What is needed: Apart from the pictures, every record here must be copied word for word.

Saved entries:
- - -
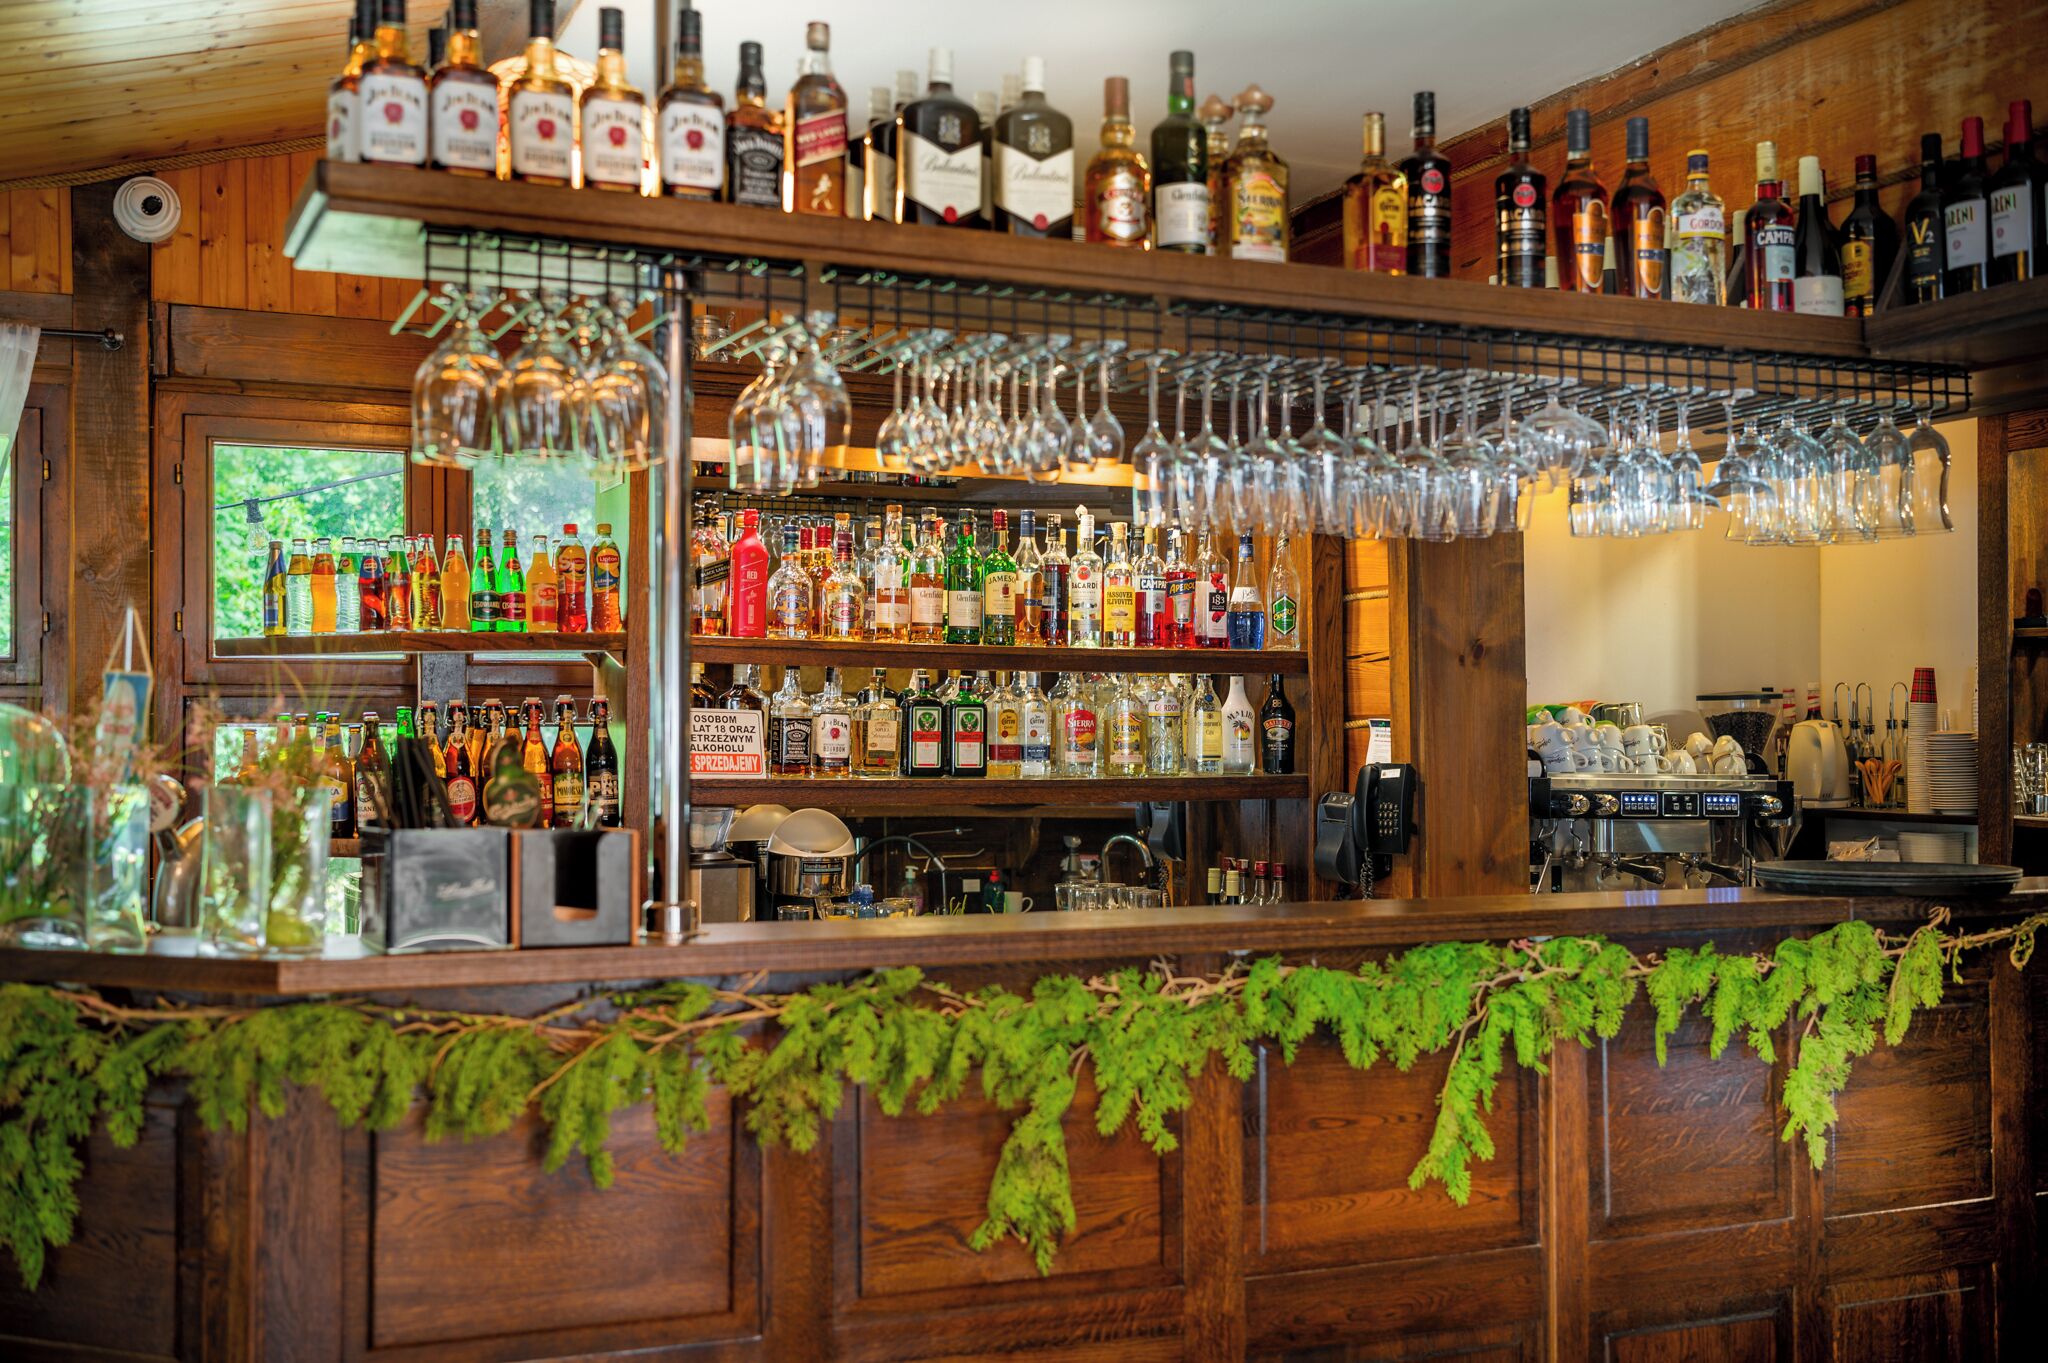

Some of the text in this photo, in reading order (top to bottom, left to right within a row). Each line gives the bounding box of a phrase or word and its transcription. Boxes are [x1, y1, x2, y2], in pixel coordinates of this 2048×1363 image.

[1757, 229, 1795, 245] CAMPA
[746, 571, 758, 579] RED
[988, 575, 1016, 584] JAMESO
[1141, 579, 1166, 589] CAMPA
[693, 714, 737, 723] OSOBOM
[1068, 716, 1094, 728] SIERRA
[714, 725, 726, 733] 18
[729, 725, 756, 733] ORAZ
[833, 719, 847, 730] BEAM
[690, 733, 753, 743] ETRZEŹWYM
[690, 744, 744, 752] ALKOHOLU
[694, 755, 758, 771] SPRZEDAJEMY
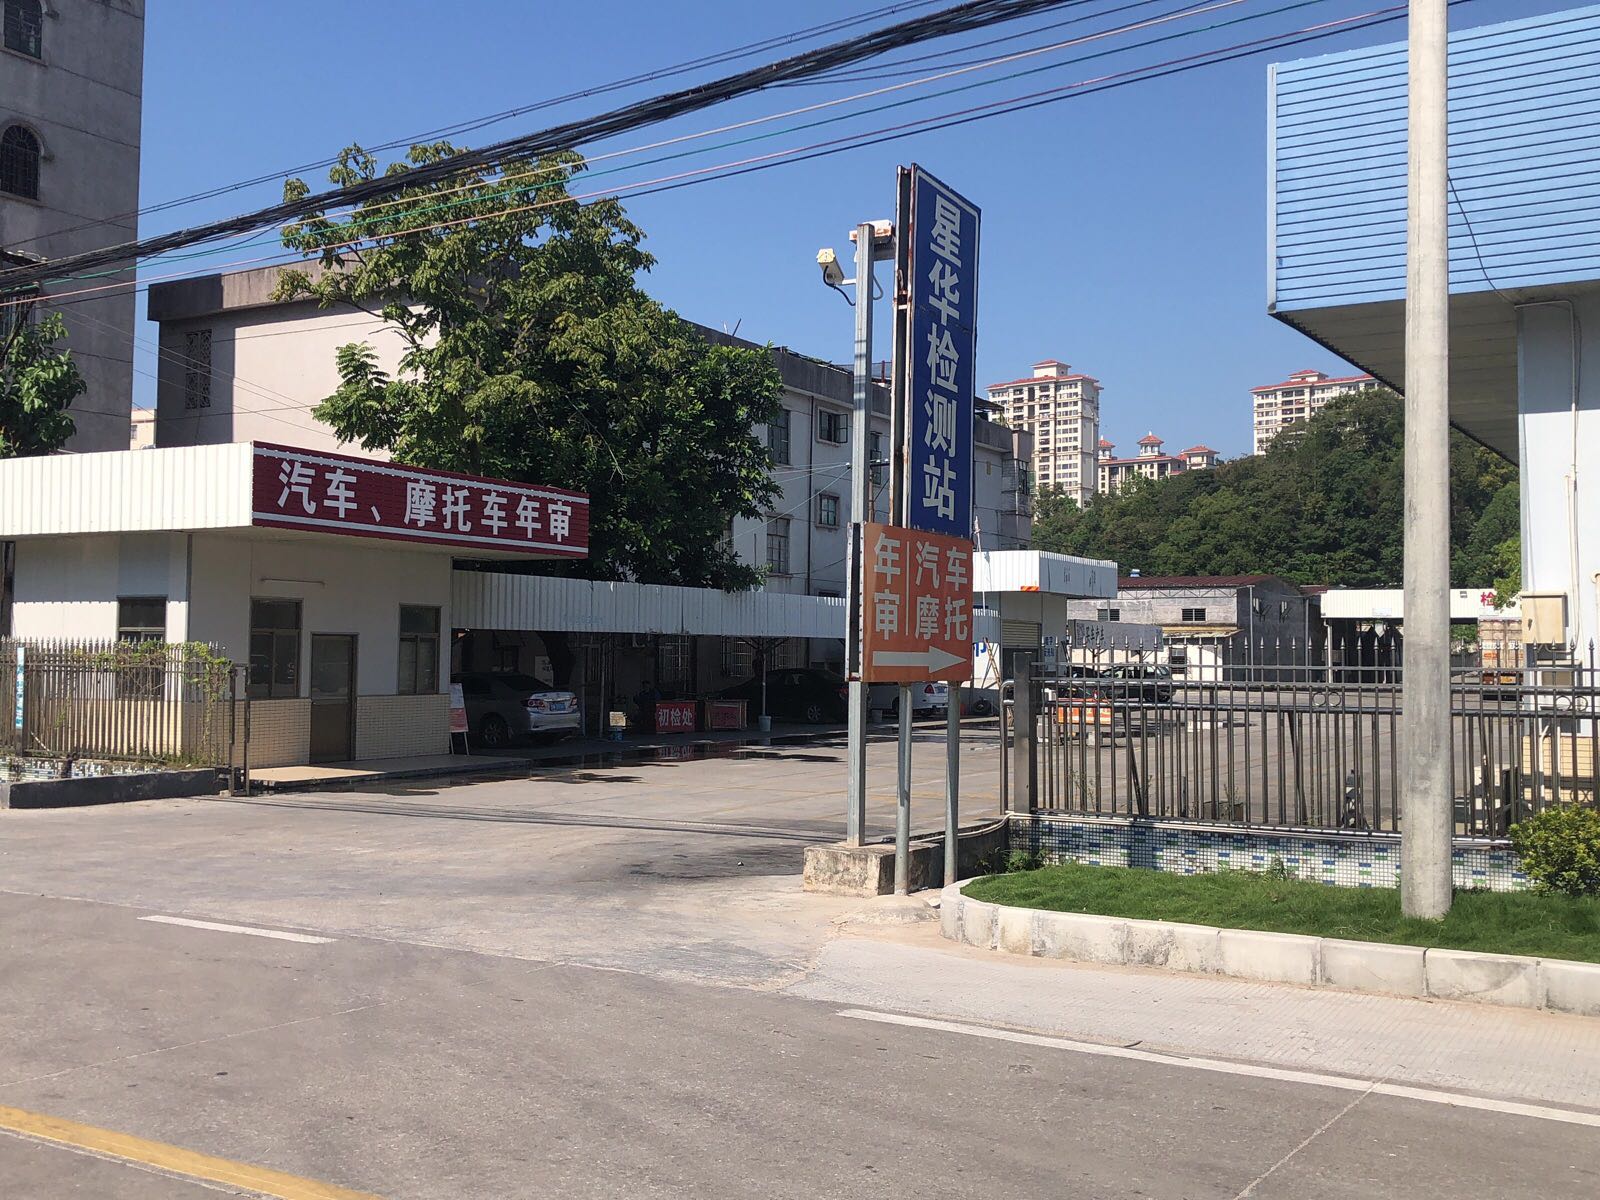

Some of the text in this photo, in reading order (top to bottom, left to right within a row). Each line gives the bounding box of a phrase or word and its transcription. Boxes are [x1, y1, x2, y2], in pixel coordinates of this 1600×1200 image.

[922, 193, 963, 522] 星华检测站
[277, 461, 573, 543] 汽车、摩托车年审
[873, 532, 901, 641] 年审
[914, 540, 968, 593] 汽车
[914, 596, 968, 641] 摩托
[658, 708, 693, 727] 初检处
- - -
Response area:
Some of the text in this photo, in reading order (top to bottom, left to right within a row). Each line gives the bounding box of a phrase or word and its transcription. Boxes are [x1, y1, x2, y2], in pixel coordinates of this 2048×1363 image.

[1757, 229, 1795, 245] CAMPA
[746, 571, 758, 579] RED
[988, 575, 1016, 584] JAMESO
[1141, 579, 1166, 589] CAMPA
[693, 714, 737, 723] OSOBOM
[1068, 716, 1094, 728] SIERRA
[714, 725, 726, 733] 18
[729, 725, 756, 733] ORAZ
[833, 719, 847, 730] BEAM
[690, 733, 753, 743] ETRZEŹWYM
[690, 744, 744, 752] ALKOHOLU
[694, 755, 758, 771] SPRZEDAJEMY

Some of the text in this photo, in reading order (top to bottom, left to right within a row). Each line gives the bounding box of a phrase or word and its transcription. Boxes are [x1, y1, x2, y2], in pixel coordinates of this 1600×1200 image.

[922, 193, 963, 522] 星华检测站
[277, 461, 573, 543] 汽车、摩托车年审
[873, 532, 901, 641] 年审
[914, 540, 968, 593] 汽车
[914, 596, 968, 641] 摩托
[658, 708, 693, 727] 初检处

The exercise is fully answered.